Abstract Project Summary and Abstract. Over 17,000 new traumatic spinal cord injuries occur in the United States each year. Following the initial traumatic insult (i.e. primary injury), blood vessel disruption leads to pervasive hypoxic and inflammatory cell damage (i.e. secondary injury). Our inability to detect ongoing cell damage impairs our capacity to develop effective strategies to limit debilitating secondary injuries. The fundamental goal of this proposal is to test the hypothesis that cerebrospinal fluid (CSF) 5-hydroxyindoleacetic acid (5-HIAA), serotonin’s primary metabolite, is a reliable biomarker of secondary cell damage. Descending raphe projections deliver and store serotonin near spinal sensory and motor synapses. Due to the proximity of raphe projections to sensory and motor fibers, insults that damage sensory and motor tracts inadvertently injure raphe fibers resulting in a transient release of stored serotonin into the extracellular spinal tissue. 5-HIAA is a highly stable serotonin metabolite with CSF levels mirroring extracellular serotonin levels. Building from well-published animal data, and recent human studies from our group, we further hypothesize 5-HIAA to be a reliable biomarker for structural injury to spinal sensory/motor tracts, therefore 5-HIAA is an important tool to acutely prognosticating long-term outcomes in humans with spinal cord injuries. This study represents the first step in developing strategies to limit secondary injuries that exacerbate disability and undermine recovery potential in humans with acute traumatic spinal cord injuries.

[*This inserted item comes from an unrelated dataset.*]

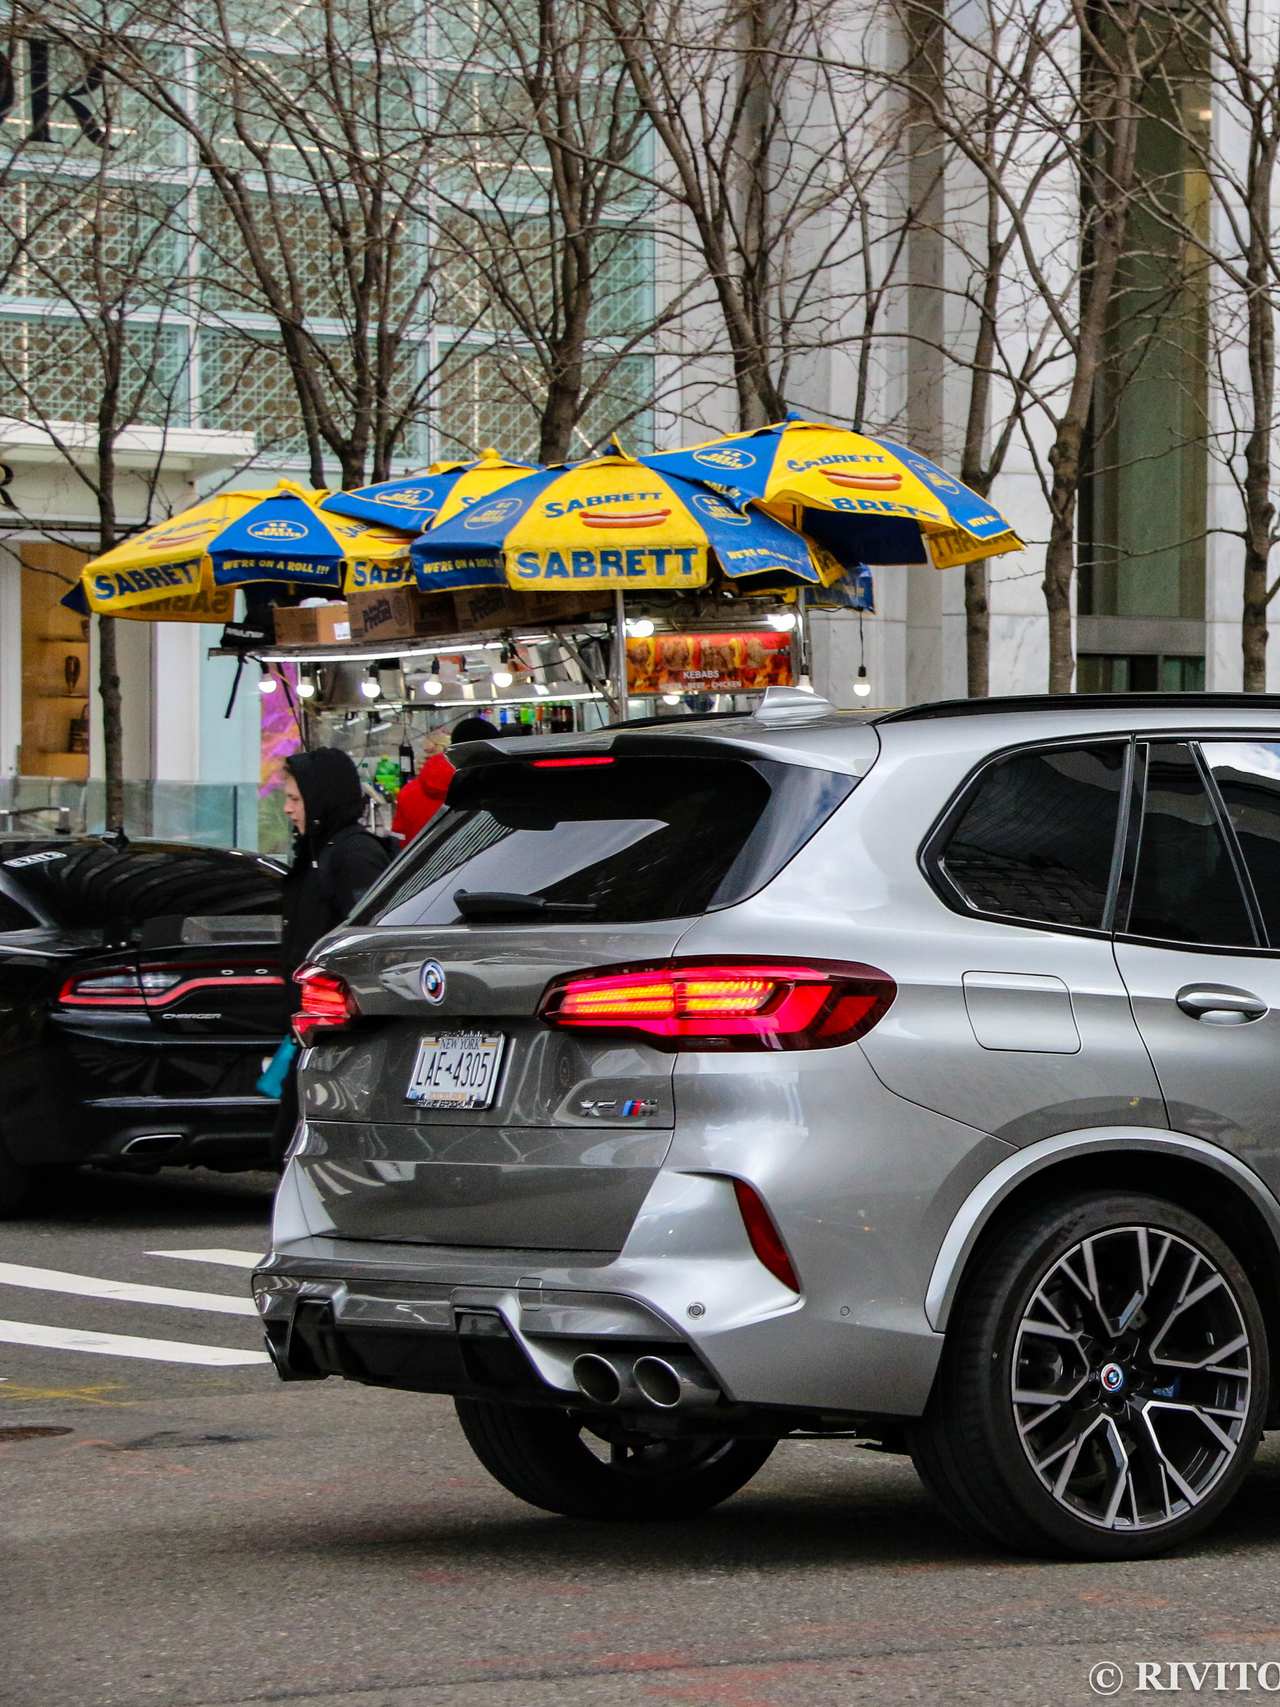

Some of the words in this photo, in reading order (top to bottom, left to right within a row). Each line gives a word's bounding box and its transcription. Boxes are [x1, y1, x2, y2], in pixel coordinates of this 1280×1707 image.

Within the first phase of this proposal we have 1) refined our understanding of acute management strategies to preserve motor control in patients with acute traumatic spinal cord injuries (Swaroop et al., 2024), 2) demonstrated our capacity to reliably measure CSF metabolites in humans (Anand et al., 2024), and 3) demonstrated 5-HIAA to be a stable molecule with spinal levels NOT influenced by the circadian cycle (Anand et al., 2024). Within this second phase of the project (R00) we will perform a proof-of-concept study evaluating CSF 5-HIAA’s sensitivity in detecting secondary insults in humans with spinal cord injuries. This study will set the foundation for a future PHASE III study in which we will compare the accuracy of CSF 5-HIAA vs standard physical exams, to monitor ongoing secondary injuries and prognosticate long-term clinical outcomes for spinal cord injury patients.